▶ **What you have to do**
Output all the entries word for word. Omit the pictures.

╭─ Task input

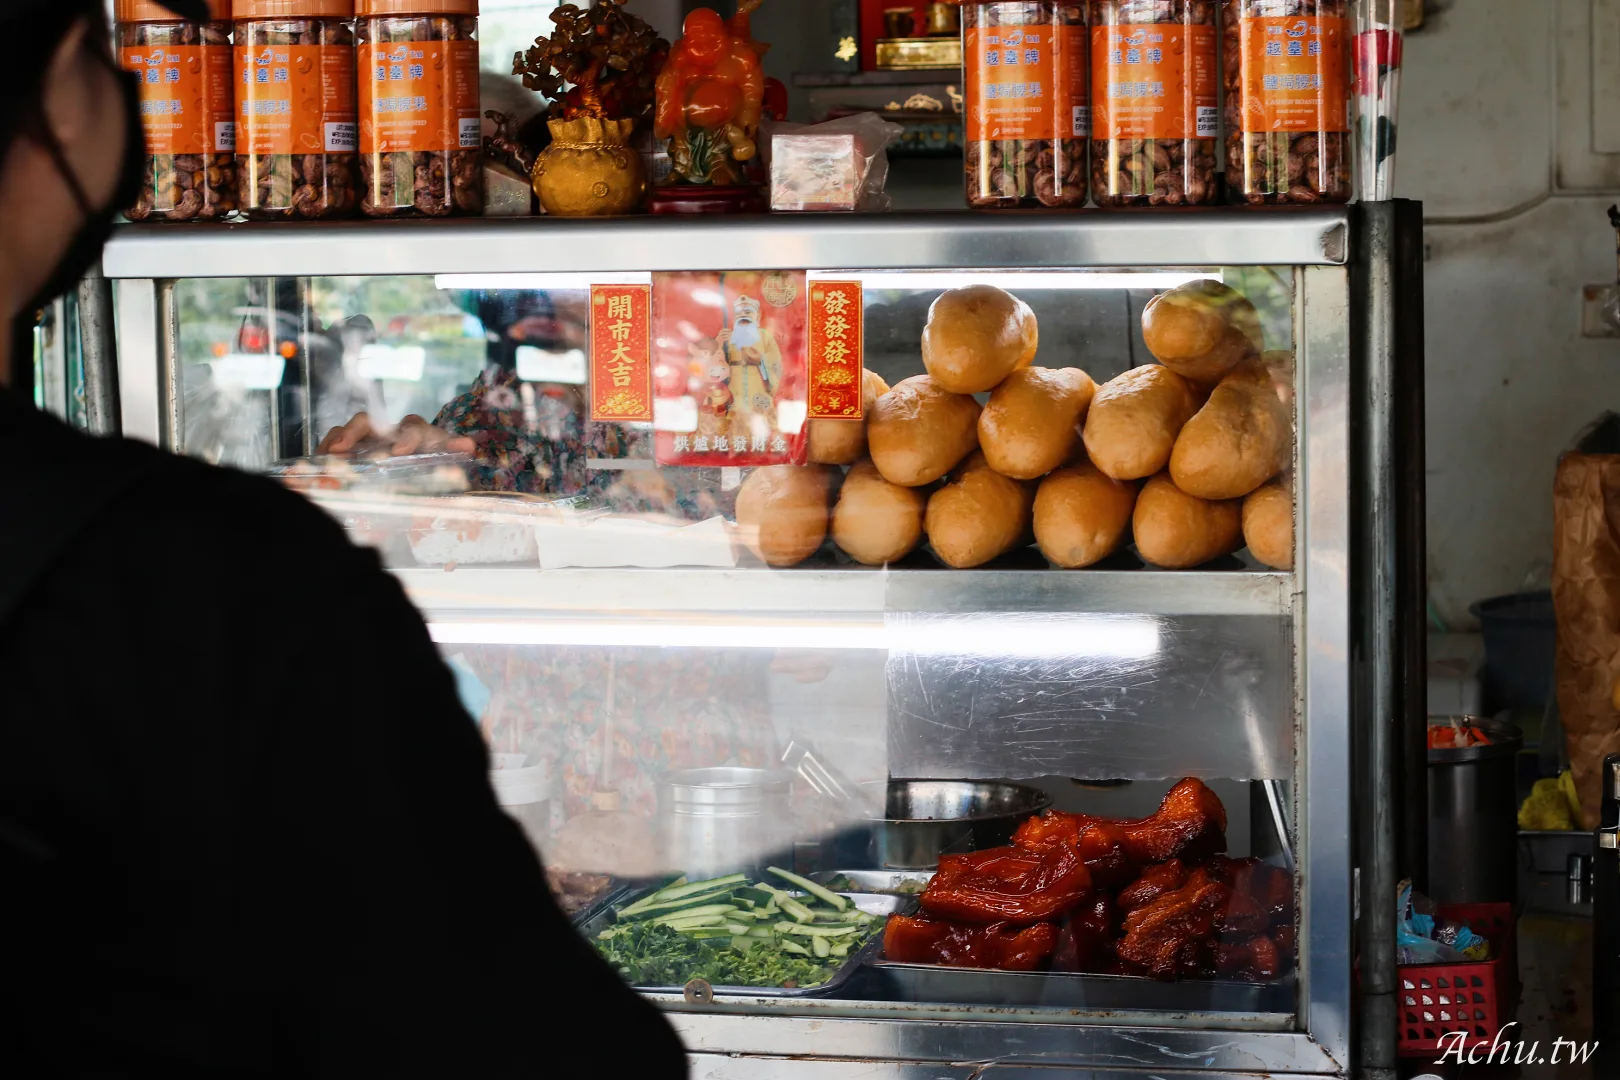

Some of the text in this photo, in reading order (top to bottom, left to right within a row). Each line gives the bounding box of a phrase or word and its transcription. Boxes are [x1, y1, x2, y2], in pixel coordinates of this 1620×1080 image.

[986, 48, 1040, 66] 越臺牌
[1266, 40, 1322, 56] 越臺牌
[822, 290, 851, 364] 發發發
[607, 294, 635, 387] 開市大吉
[673, 435, 788, 452] 烘爐地發財金
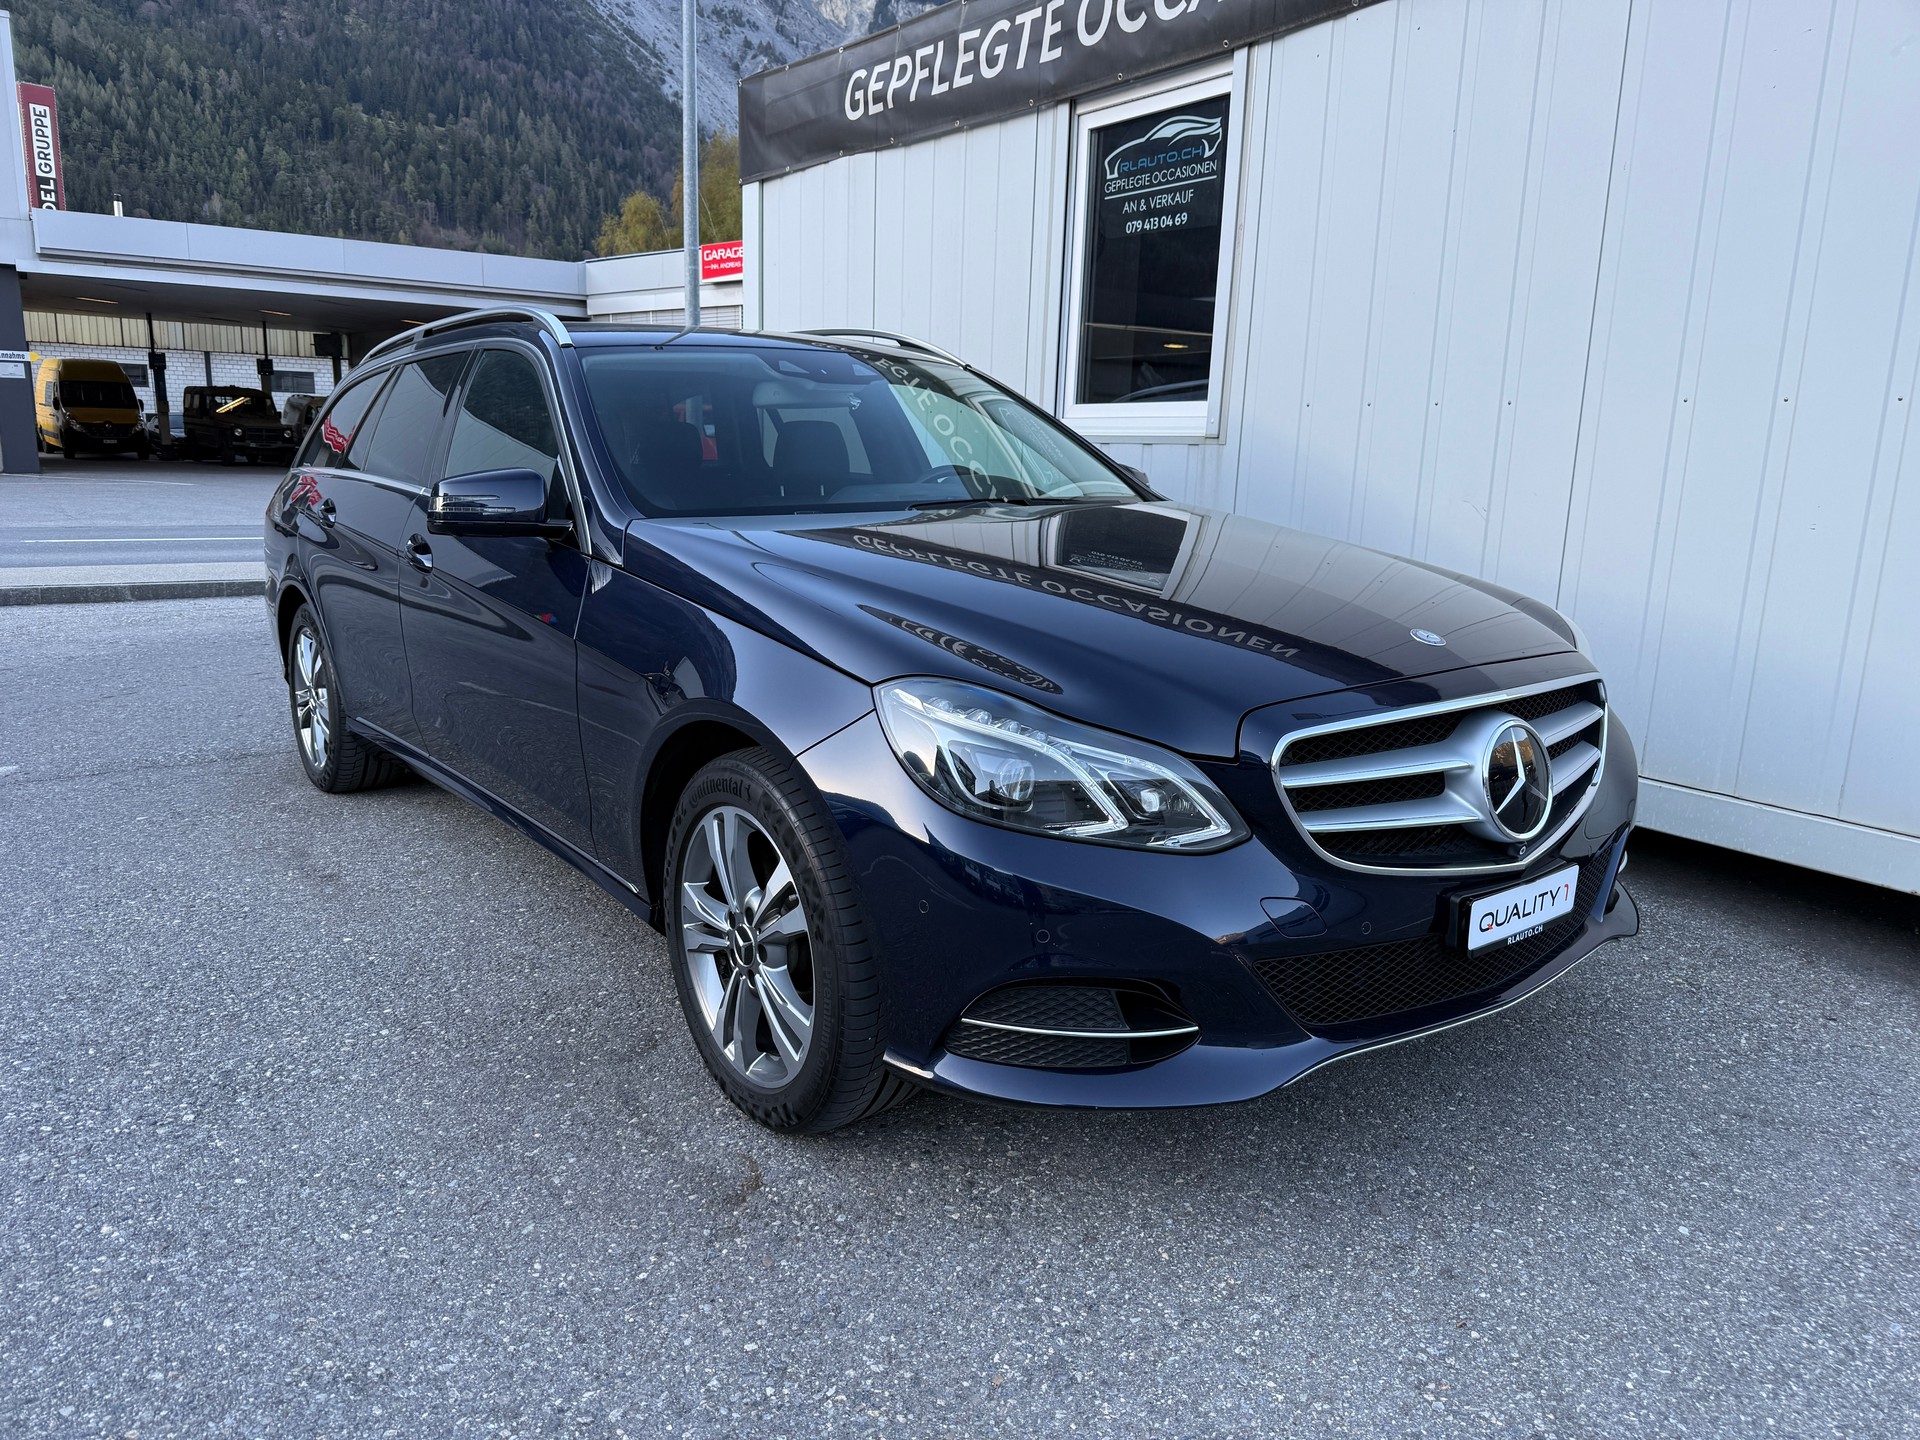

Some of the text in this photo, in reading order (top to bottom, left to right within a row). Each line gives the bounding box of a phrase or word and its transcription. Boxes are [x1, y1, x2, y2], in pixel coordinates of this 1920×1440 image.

[844, 0, 1065, 121] GEPFLEGTE
[33, 107, 53, 174] GRUPPE
[1120, 145, 1202, 173] RLAUTO.CH
[1104, 160, 1217, 194] GEPFLEGTE OCCASIONEN
[1122, 189, 1194, 214] AN & VERKAUF
[1125, 212, 1188, 234] 079 413 04 69
[0, 352, 26, 360] nnahme
[1478, 886, 1561, 933] QUALITY
[1507, 925, 1543, 945] RLAUTO.CH
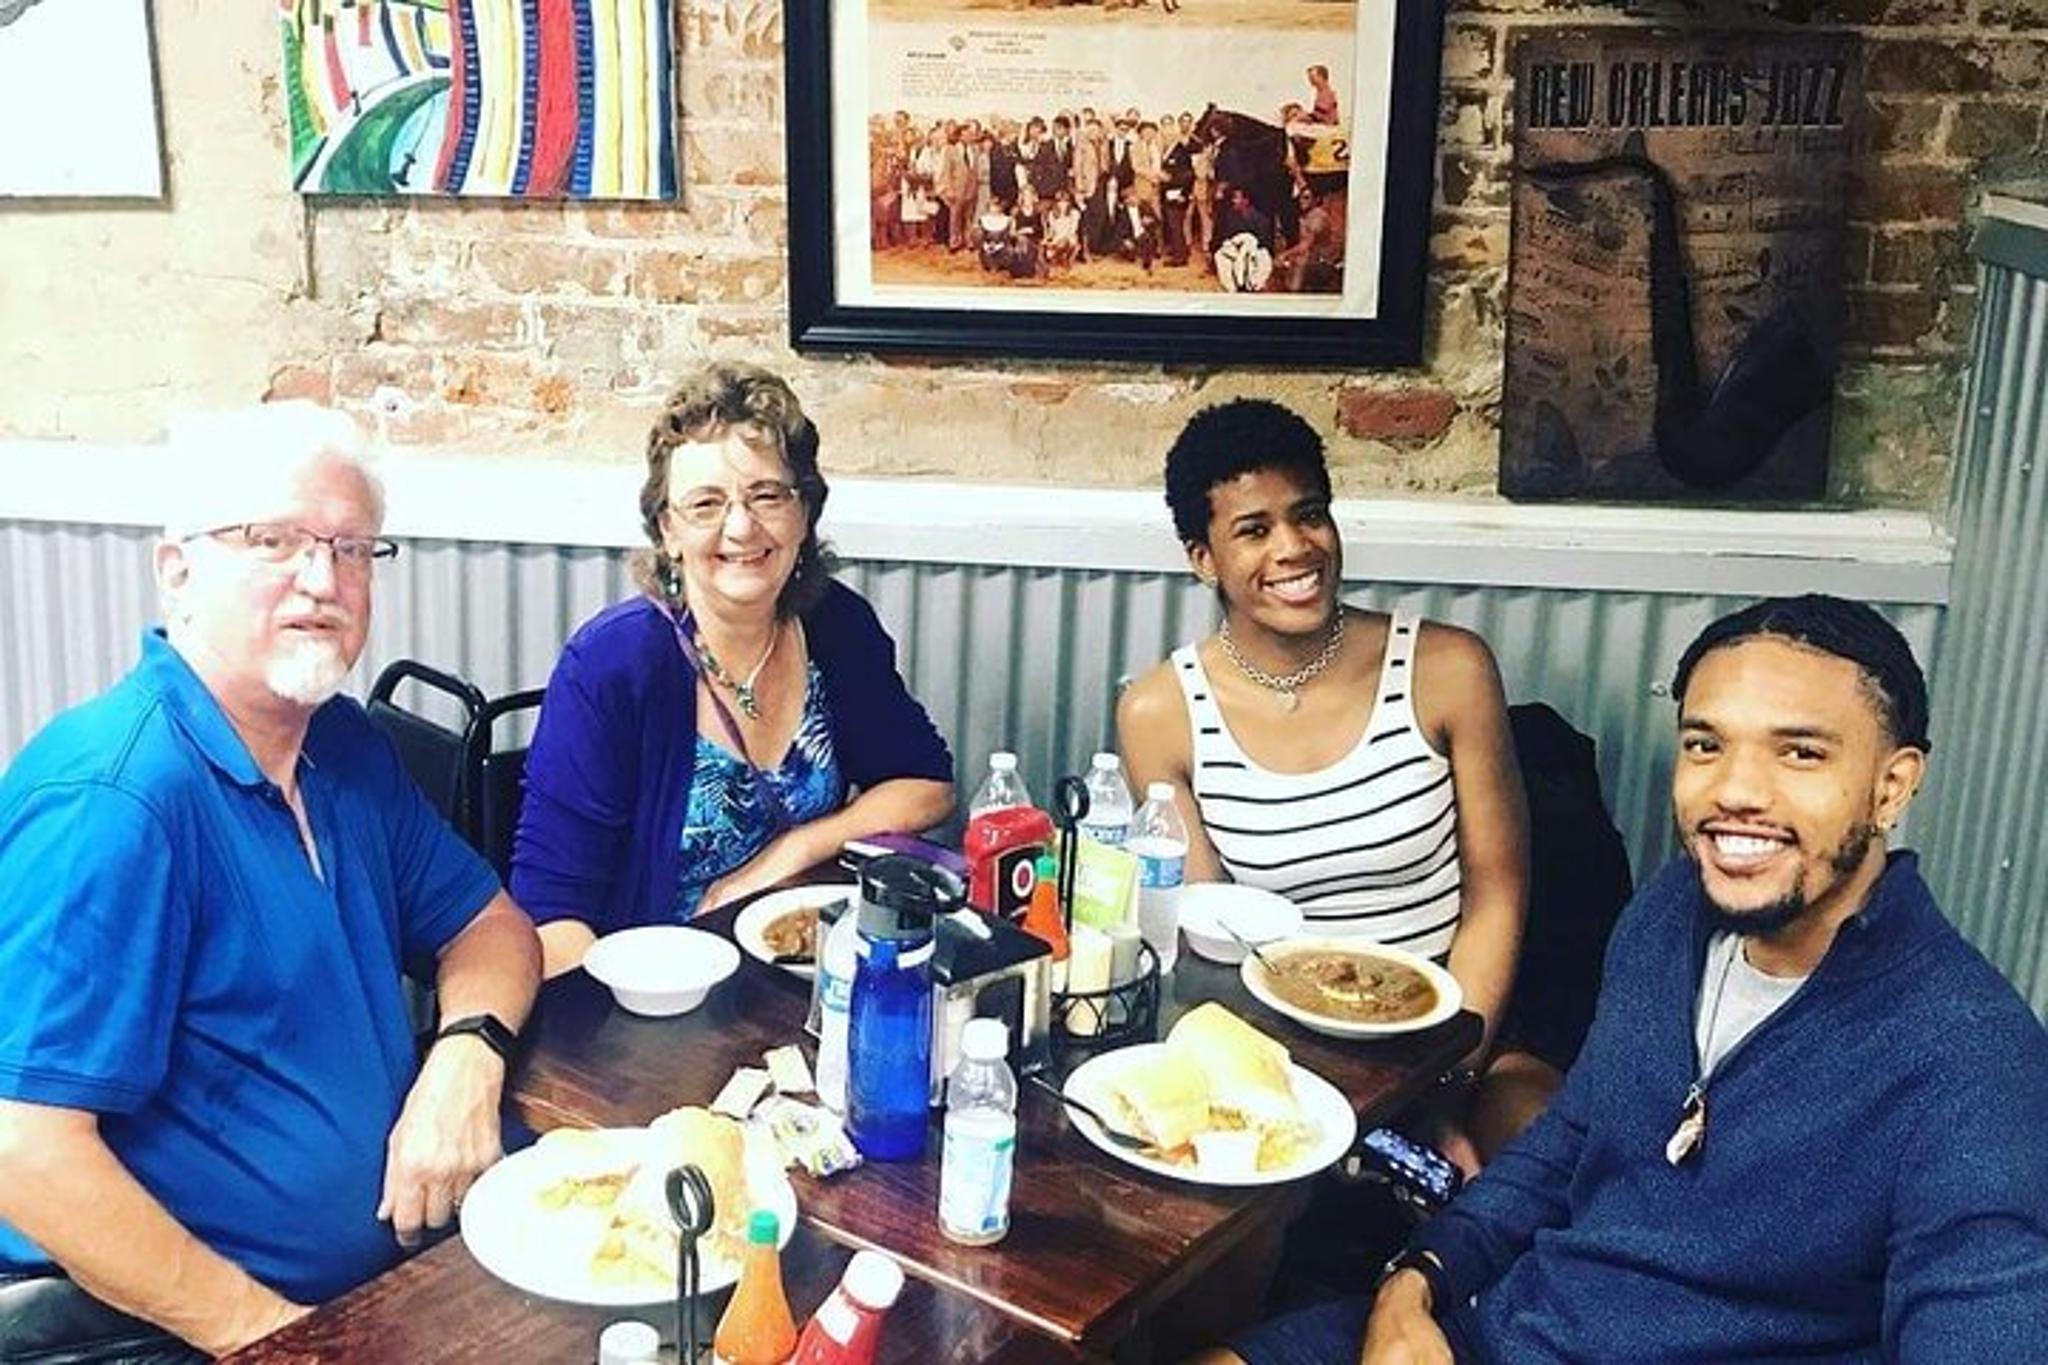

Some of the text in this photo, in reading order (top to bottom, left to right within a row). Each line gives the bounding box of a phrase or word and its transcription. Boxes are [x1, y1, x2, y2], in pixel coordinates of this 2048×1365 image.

[1529, 62, 1845, 126] NEW ORLEANS JAZZ
[1331, 139, 1350, 162] 2

╰─

▶ **Solved exercise**
Some of the text in this photo, in reading order (top to bottom, left to right within a row). Each line gives the bounding box of a phrase or word and its transcription. Boxes are [x1, y1, x2, y2], in pixel coordinates of this 1620×1080 image.

[986, 48, 1040, 66] 越臺牌
[1266, 40, 1322, 56] 越臺牌
[822, 290, 851, 364] 發發發
[607, 294, 635, 387] 開市大吉
[673, 435, 788, 452] 烘爐地發財金

Some of the text in this photo, in reading order (top to bottom, left to right within a row). Each line gives the bounding box of a phrase or word and its transcription. Boxes are [x1, y1, x2, y2], in pixel coordinates of this 1920×1440 image.

[844, 0, 1065, 121] GEPFLEGTE
[33, 107, 53, 174] GRUPPE
[1120, 145, 1202, 173] RLAUTO.CH
[1104, 160, 1217, 194] GEPFLEGTE OCCASIONEN
[1122, 189, 1194, 214] AN & VERKAUF
[1125, 212, 1188, 234] 079 413 04 69
[0, 352, 26, 360] nnahme
[1478, 886, 1561, 933] QUALITY
[1507, 925, 1543, 945] RLAUTO.CH

Some of the text in this photo, in reading order (top to bottom, left to right within a row). Each line gives the bounding box of a phrase or word and its transcription. Boxes are [x1, y1, x2, y2], in pixel coordinates of this 2048×1365 image.

[1529, 62, 1845, 126] NEW ORLEANS JAZZ
[1331, 139, 1350, 162] 2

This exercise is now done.